Par Elodie Leroy - publié le 07 juillet 2005 à 02h04 ,
MAJ le 24 septembre 2009 à 17h31 - 0 commentaire(s)
A l’occasion de l’hommage qui lui est rendu dans le cadre du festival Paris Cinéma 2005, Jackie Chan est venu passer quelques jours à Paris et a répondu aux questions des journalistes lors d’une table ronde. Toujours aussi énergique et passionnée, la légende vivante des arts martiaux s’est exprimée sur son dernier film New Police Story (de Benny Chan, sortie le 13 juillet 2005) et nous a fait part de son sentiment sur la situation actuelle du cinéma hong kongais et du cinéma mondial...



Que ressentez-vous vis-à-vis de cet hommage qui vous est rendu à travers le festival Paris Cinéma ?
Jackie Chan : C’est un véritable honneur. Je suis très surpris de recevoir ce prix qui est très particulier pour moi, parce qu’il ne vient pas d’un pays asiatique. J’ai l’habitude en Asie, que ce soit à Taiwan, à Singapour, en Chine, ou quelque partie de la Chine que ce soit, de recevoir des prix. Chaque fois qu’ils pensent à remettre des prix, ils se disent : "D’abord on va remettre un prix à Jackie Chan". Donc avoir un prix aux Etats-Unis ou en France, c’est un véritable honneur pour moi.

A propos de New Police Story, comment le projet a-t-il été initié ?
Quand j’ai achevé Rush Hour 2 et Shanghai kid 2, le gouvernement de Hong Kong m’a demandé de revenir afin de continuer à faire des films à Hong Kong. J’ai créé une société de production qui s’appelle JCE, parce que je n’avais pas le temps de faire autre chose que de produire des films. Puis Benny Chan est venu me voir avec le scénario de New Police Story. Pour le choix de l’acteur principal, il hésitait entre Jacky Cheung, un chanteur (ndlr : vu aussi dans Une Balle dans la tête, de John Woo), et Tony Leung Kar-Fai (ndlr : vu dans Victim, de Ringo Lam). Mais je me suis dit que ces deux acteurs ne pouvaient pas jouer des superflics, que le seul à Hong Kong à pouvoir jouer un superflics, c’était moi. A ce moment-là, j’avais d’autres choses à faire et j’ai dû quitter Hong Kong, mais mon manager a insisté. Le budget s’élevait à l’époque à 2 millions de dollars et il m’a dit que je devais essayer quand même. Ca tombait bien parce que j’avais envie d’interpréter un rôle plus dramatique et de faire une pause de la comédie, alors j’ai accepté. Et au final, le budget est monté à 15 millions de dollars.

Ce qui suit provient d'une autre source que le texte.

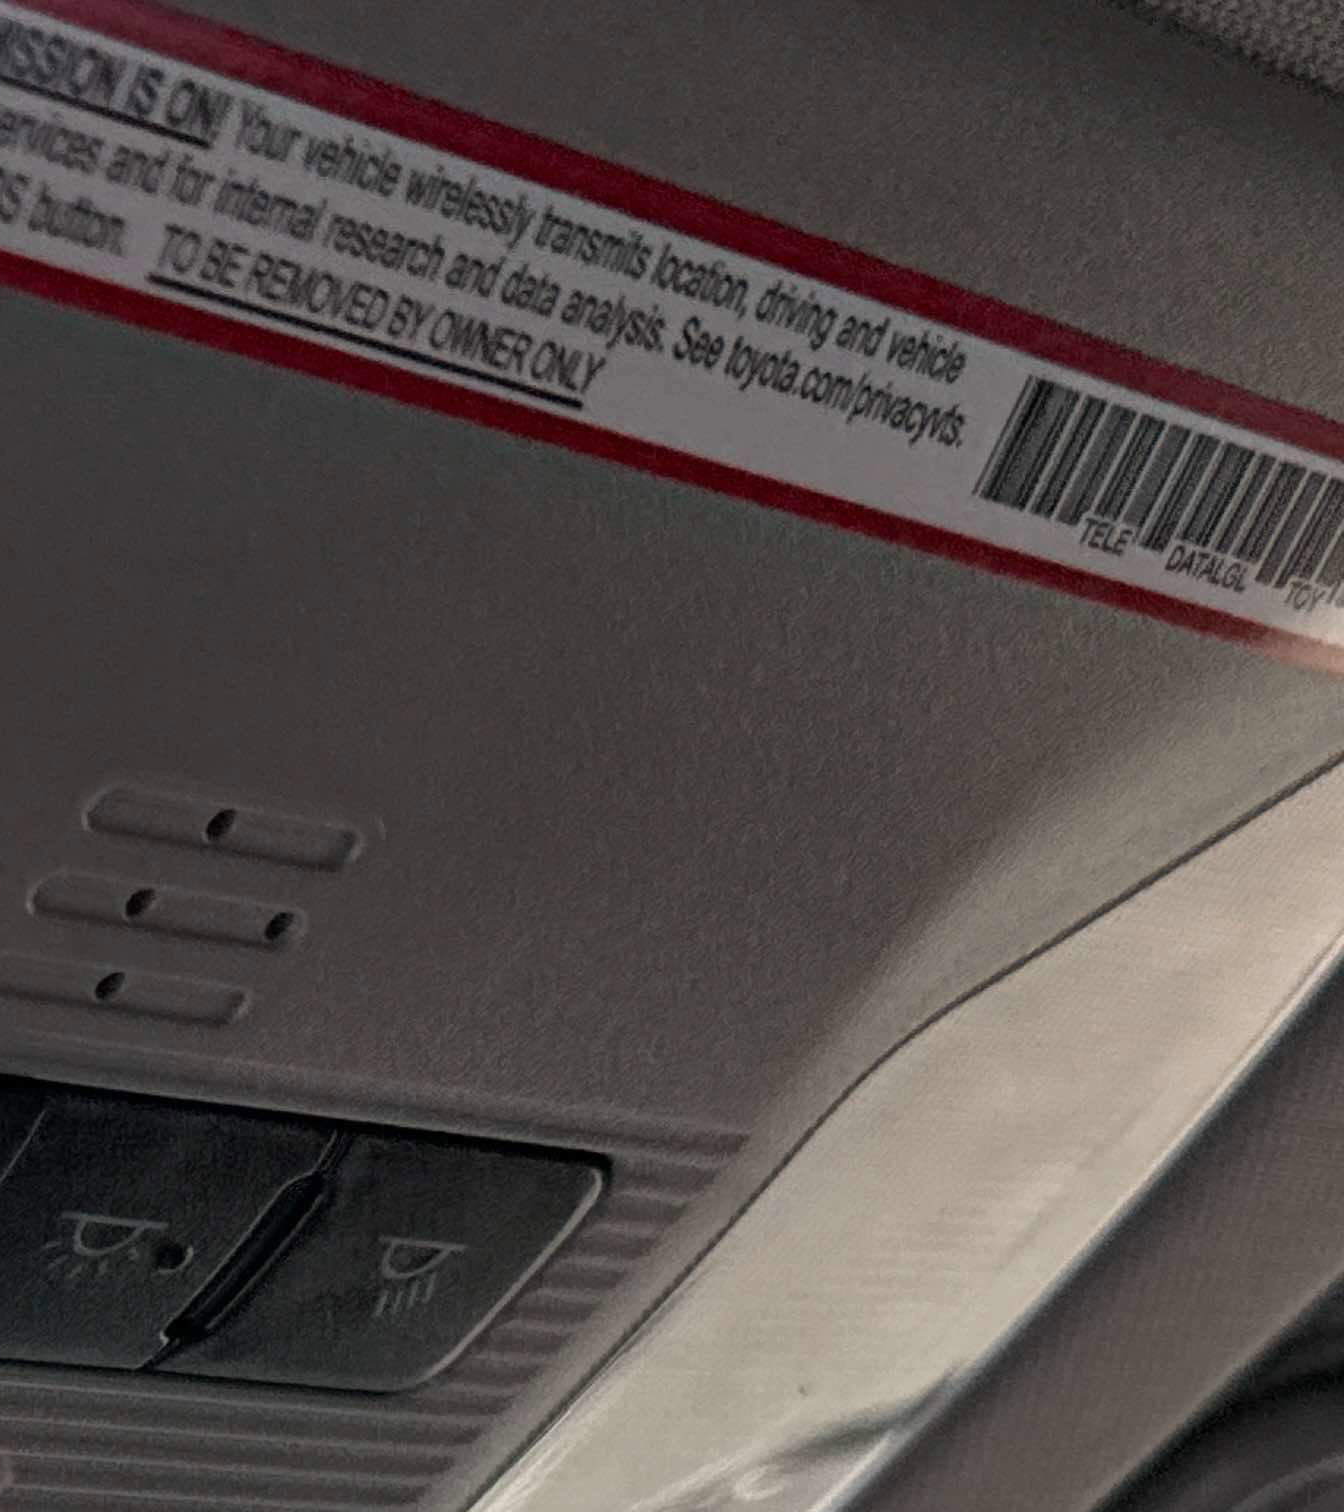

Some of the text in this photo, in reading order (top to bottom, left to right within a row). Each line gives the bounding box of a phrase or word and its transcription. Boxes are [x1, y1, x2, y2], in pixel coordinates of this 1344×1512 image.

[105, 142, 169, 194] and
[169, 152, 216, 205] for
[214, 167, 328, 241] internal
[324, 211, 445, 281] research
[445, 253, 507, 299] and
[501, 263, 561, 318] data
[560, 289, 667, 353] analysis.
[672, 315, 725, 371] See
[724, 335, 965, 449] toyota.com/privacyvts.
[126, 64, 165, 117] IS
[236, 103, 302, 161] Your
[303, 133, 403, 197] vehicle
[403, 165, 536, 249] wirelessly
[532, 203, 653, 279] transmits
[650, 242, 749, 319] location,
[755, 279, 839, 352] driving
[835, 316, 891, 357] and
[885, 331, 966, 384] vehicle
[158, 222, 201, 273] TO
[199, 237, 249, 288] BE
[251, 253, 390, 328] REMOVED
[387, 295, 434, 344] BY
[432, 309, 532, 375] OWNER
[529, 339, 606, 393] ONLY
[1080, 518, 1133, 557] TELE
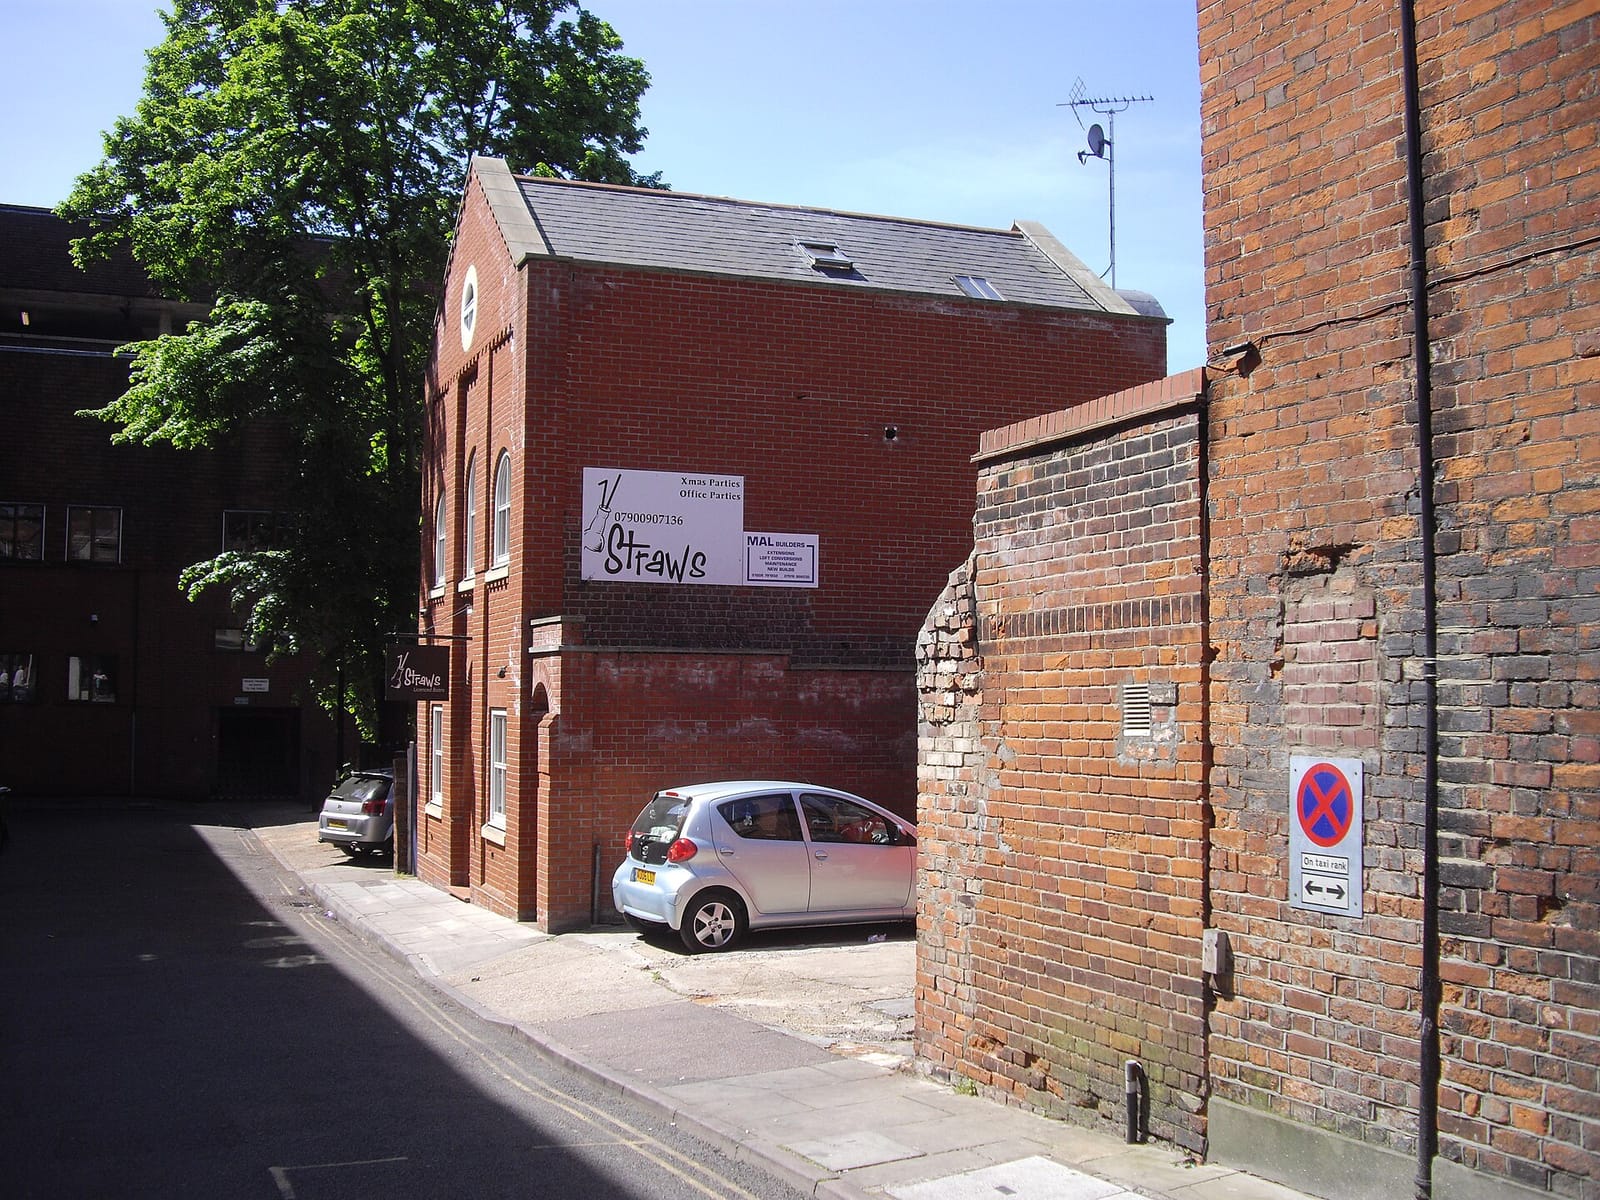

Au début du film, on vous voit vomir, boire, pleurer en vous traînant par terre… On a alors l’impression que vous voulez casser cette image très forte que vous avez construite. Etait-ce volontaire ?
Oui, parce que je voulais vraiment changer de personnage. Je voulais montrer au public que je n’étais pas seulement un combattant et un comique mais aussi un très bon acteur (Rires). A l’issue de ces dix dernières années, où j’ai fait surtout des comédies, j’ai réalisé que je voulais changer et prendre une direction comme l’a fait Robert De Niro, c'est-à-dire montrer que je peux tout faire, tout essayer. Et d’ailleurs, quand vous voyez les vomissements, dans tous les films ils ne vomissent qu’en une fois et après c’est fini. Regardez-moi dans New Police Story ! Je vomis, je vomis, je vomis… ça dure longtemps parce que j’ai ingurgité deux grandes bouteilles d’eau avant de tourner cette scène ! Je voulais vraiment montrer que je pouvais le faire. C’était la même chose quand je devais pleurer et c’était d’ailleurs extrêmement difficile. Personne ne devait me parler dans ces moments-là parce que je devais me concentrer sur l’état de tristesse dans lequel se trouvait mon personnage. Il fallait que je sois vraiment dans sa peau.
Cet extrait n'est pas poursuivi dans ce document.